Duke. Oh, well, it's a very high ideal, after all. The Sacredness of Life, you know—the Sacredness of Life. [Shakes his head.] But they carry it too far. They killed a policeman down in Kent.
Conjurer. Killed a policeman? How Vegetarian! Well, I suppose it was, so long as they didn't eat him.
Hastings. They are asking only for small subscriptions. Indeed, they prefer to collect a large number of half-crowns, to prove the popularity of their movement. But I should advise....
Duke. Oh, give them three shillings, then.
Hastings. If I might suggest....
Duke. Hang it all! We gave the Anti-Vegetarians three shillings. It seems only fair.
Hastings. If I might suggest anything, I think your Grace will be wise not to subscribe in this case. The Anti-Vegetarians have already used their funds to form gangs ostensibly to protect their own meetings. And if the Vegetarians use theirs to break up the meetings—well, it will look rather funny that we have paid roughs on both sides. It will be rather difficult to explain when it comes before the magistrate.
Duke. But I shall be the magistrate. [Conjurer stares at him again.] That's the system, my dear Hastings, that's the advantage of the system. Not a logical system—no Rousseau in it—but see how well it works! I shall be the very best magistrate that could be on the Bench. The others would be biassed, you know. Old Sir Lawrence is a Vegetarian himself; and might be hard on the Anti-Vegetarian roughs. Colonel Crashaw would be sure to be hard on the Vegetarian roughs. But if I've paid both of 'em, of course I shan't be hard on either of 'em—and there you have it. Just perfect impartiality.

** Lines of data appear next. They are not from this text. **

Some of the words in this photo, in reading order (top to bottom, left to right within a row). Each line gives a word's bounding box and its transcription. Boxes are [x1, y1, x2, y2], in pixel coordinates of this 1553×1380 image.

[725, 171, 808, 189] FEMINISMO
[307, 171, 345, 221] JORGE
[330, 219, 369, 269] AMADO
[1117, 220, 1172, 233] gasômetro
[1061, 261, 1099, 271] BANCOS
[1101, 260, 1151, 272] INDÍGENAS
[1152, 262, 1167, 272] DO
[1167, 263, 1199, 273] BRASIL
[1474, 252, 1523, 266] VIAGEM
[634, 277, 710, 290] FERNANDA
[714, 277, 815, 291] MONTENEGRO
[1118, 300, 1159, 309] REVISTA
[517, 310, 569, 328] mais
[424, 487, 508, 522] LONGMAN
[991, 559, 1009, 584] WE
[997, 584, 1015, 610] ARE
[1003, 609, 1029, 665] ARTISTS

Hastings. [Restrainedly.] Shall I take the programmes, your Grace?
Duke. [Heartily.] No, no; I won't forget 'em. [Exit Hastings.] Well, Professor, what's the news in the conjuring world?
Conjurer. I fear there is never any news in the conjuring world.

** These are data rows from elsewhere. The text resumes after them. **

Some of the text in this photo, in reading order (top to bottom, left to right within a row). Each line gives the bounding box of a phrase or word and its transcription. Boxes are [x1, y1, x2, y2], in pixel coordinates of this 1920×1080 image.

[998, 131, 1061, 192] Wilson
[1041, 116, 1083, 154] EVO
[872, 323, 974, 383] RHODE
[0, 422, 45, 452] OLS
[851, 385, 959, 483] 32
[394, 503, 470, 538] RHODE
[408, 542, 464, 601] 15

Duke. Don't you have a newspaper or something? Everybody has a newspaper now, you know. The—er—Daily Sword-Swallower or that sort of thing?
Conjurer. No, I have been a journalist myself; but I think journalism and conjuring will always be incompatible.
Duke. Incompatible—Oh, but that's where I differ—that's where I take larger views! Larger laws, as old Buffle said. Nothing's incompatible, you know—except husband and wife and so on; you must talk to Morris about that. It's wonderful the way incompatibility has gone forward in the States.
Conjurer. I only mean that the two trades rest on opposite principles. The whole point of being a conjurer is that you won't explain a thing that has happened.
Duke. Well, and the journalist?
Conjurer. Well, the whole point of being a journalist is that you do explain a thing that hasn't happened.
Duke. But you'll want somewhere to discuss the new tricks.
Conjurer. There are no new tricks. And if there were we shouldn't want 'em discussed.
Duke. I'm afraid you're not really advanced. Are you interested in modern progress?
Conjurer. Yes. We are interested in all tricks done by illusion.
Duke. Well, well, I must go and see how Morris is. Pleasure of seeing you later.
[Exit Duke, leaving the programmes.
Conjurer. Why are nice men such asses? [Turns to arrange the table.] That seems all right. The pack of cards that is a pack of cards. And the pack of cards that isn't a pack of cards. The hat that looks like a gentleman's hat. But which, in reality, is no gentleman's hat. Only my hat; and I am not a gentleman. I am only a conjurer, and this is only a conjurer's hat. I could not take off this hat to a lady. I can take rabbits out of it, goldfish out of it, snakes out of it. Only I mustn't take my own head out of it. I suppose I'm a lower animal than a rabbit or a snake. Anyhow they can get out of the conjurer's hat; and I can't. I am a conjurer and nothing else but a conjurer. Unless I could show I was something else, and that would be worse.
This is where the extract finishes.